CryoSPARC v4.2.1. crashes in different jobs

OleUns · May 30, 2023, 7:30am

Hi,

Since we updated cryoSPARC to version v4.2.1 two of our workstations (Intel Core i7, 64 GB RAM, 2x NVidia RTX2080Ti and Intel Core i9, 128 GB RAM, 2x NVidia Quadro RTX 5000, both run Ubuntu 22.04 LTS) occasionally crash running different job types (2D classification, 3D classification, ab-initio reconstruction and all types of refinements). After crashing, the web interface of cryosSPARC is not available anymore and the cryosSPARC master can only be restarted after the temporary file tmp/cryosparc-superviosor-long_number.sock is deleted.

CryoSPARC is running.
Stopping cryoSPARC
unix:///tmp/cryosparc-supervisor-d8b6747a381ef263346118f825d16ff7.sock refused connection

Updating cryoSPARC to v4.2.1+230427 did not solve the problem. I also tried to downgrade one workstation to v4.1.2. which did not resolve the crashes. Next, I reinstalled both the cryoSPARC master and worker, again not resolving the issues.

So far we could not identify a clear pattern but it appears that cryoSPARC is more likely to crash when two GPUs are used and bigger particle sets are processed. Otherwise, the issue is independent of the box size used (220 or 300 makes no difference) and also happens when 2D classification with 800000 particles, box size 220 and 100 classes is performed. Usually cryoSPARC does not crash right away but rather in the middle of processing.

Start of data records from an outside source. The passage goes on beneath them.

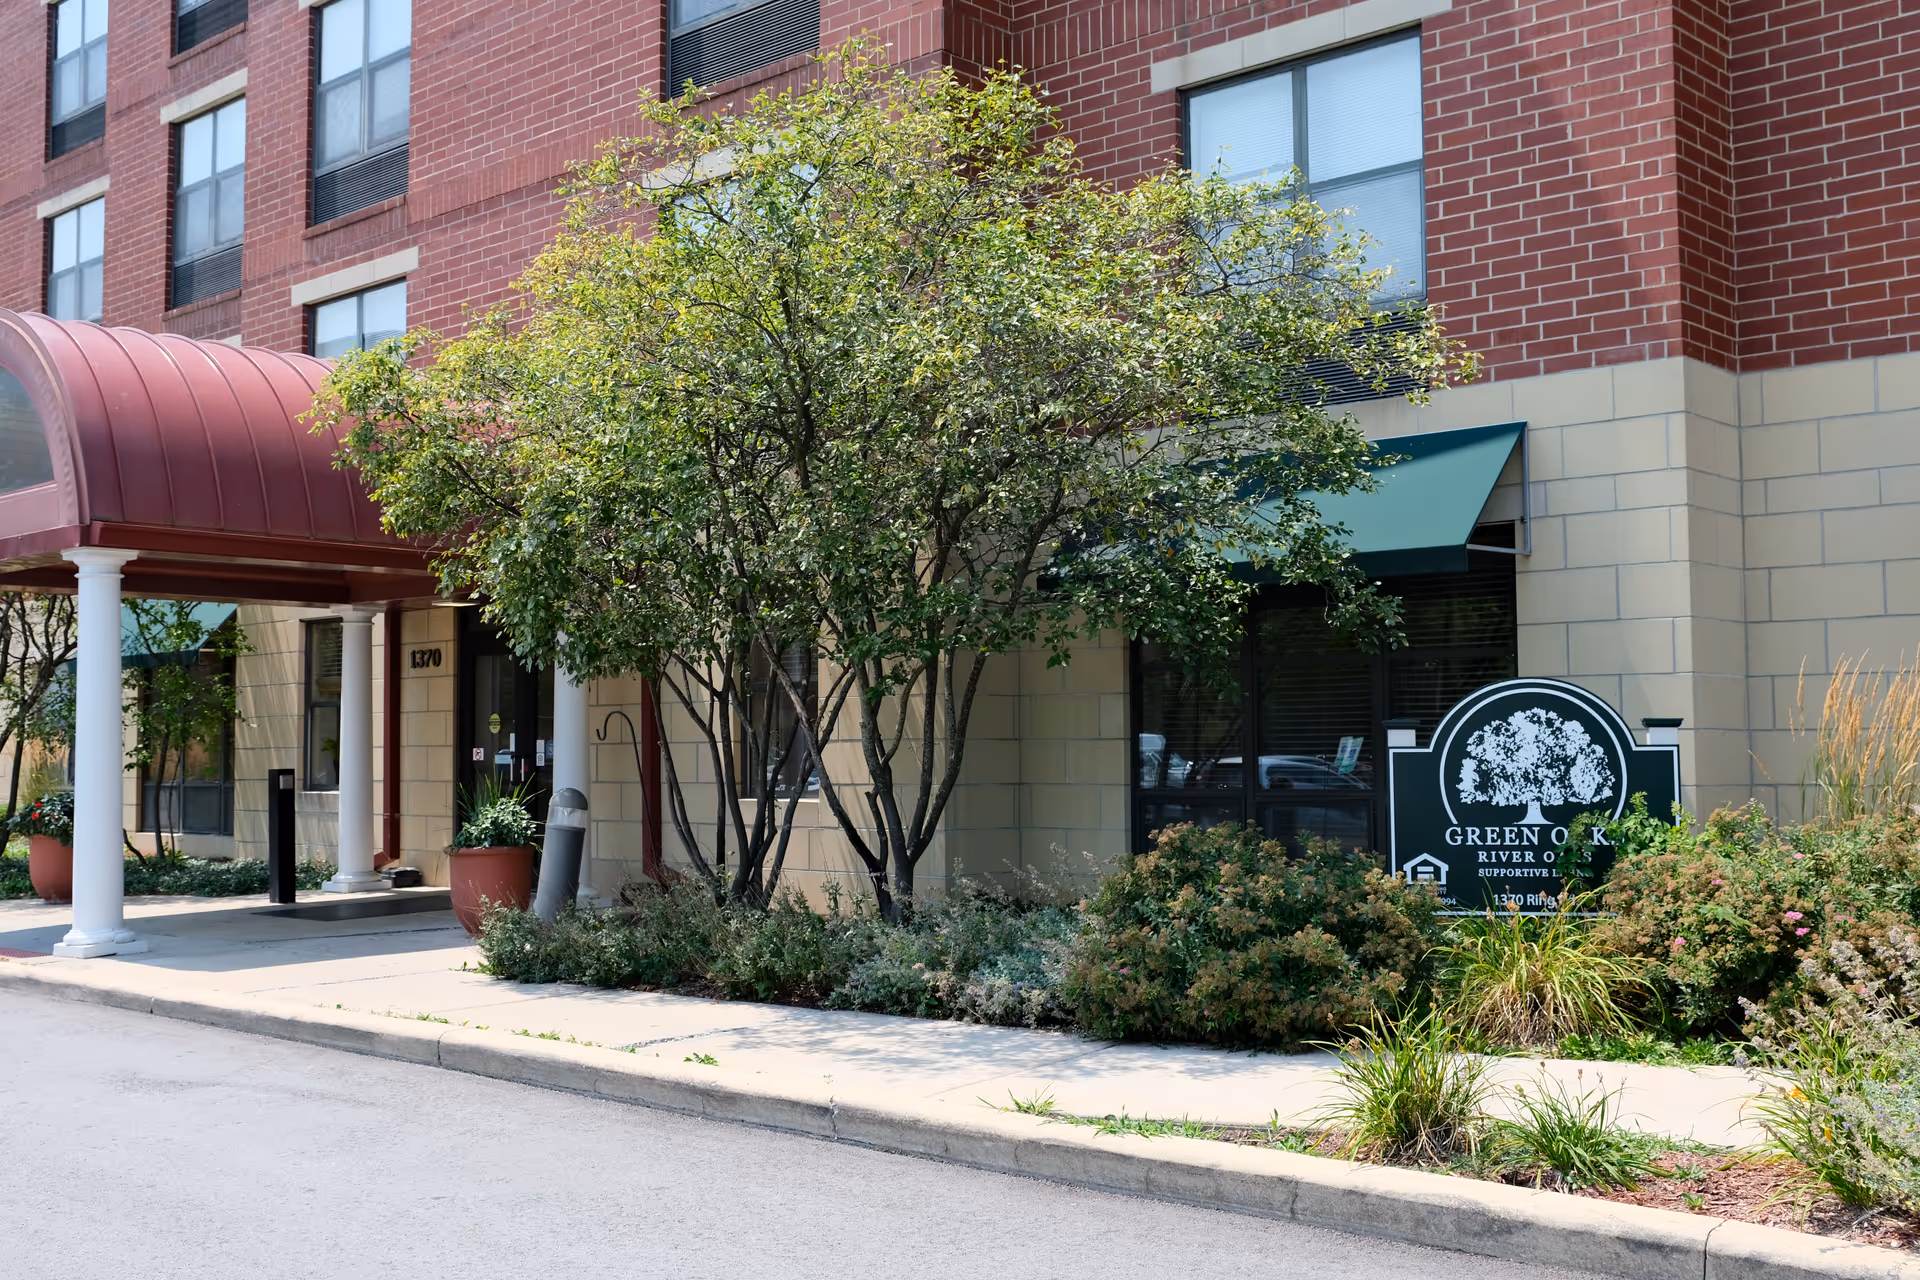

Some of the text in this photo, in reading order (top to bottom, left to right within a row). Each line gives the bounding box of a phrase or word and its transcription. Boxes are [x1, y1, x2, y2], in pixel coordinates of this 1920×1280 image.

[410, 648, 442, 669] 1370
[1445, 826, 1624, 846] GREEN OK
[1477, 850, 1592, 863] RIVER OS
[1478, 868, 1549, 877] SUPPORTIVE
[1493, 893, 1524, 906] 1370
[1526, 894, 1556, 909] Ring
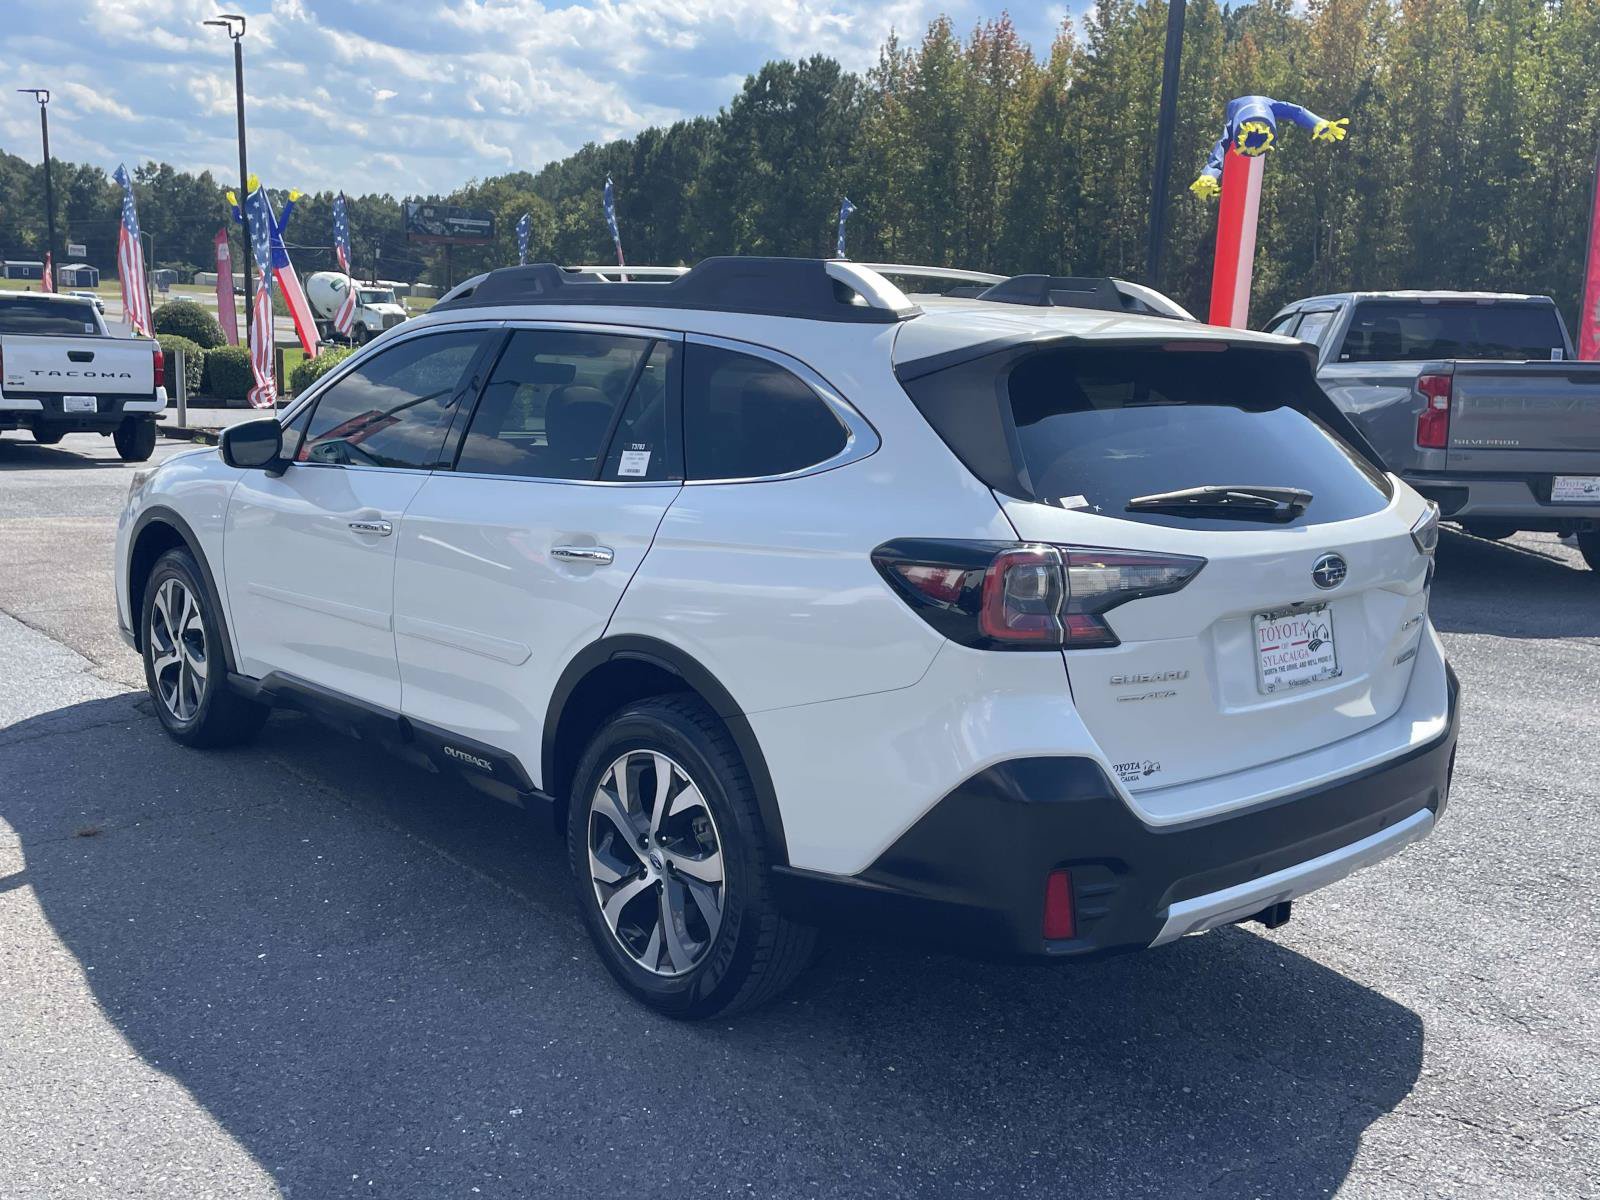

I would be happy if someone could help me/us to figure out the problem and find a solution.

Best,
Ole

wtempel · May 30, 2023, 8:16pm

Welcome to the forum @OleUns

This file should be manually deleted only under exceptional circumstances and after ensuring that no processes belonging to the CryoSPARC instance are still running:

ps -eouser,pid,ppid,cmd | grep -e cryosparc -e mongo

Otherwise, deletion of the file may leave the CryoSPARC instance in an undefined state.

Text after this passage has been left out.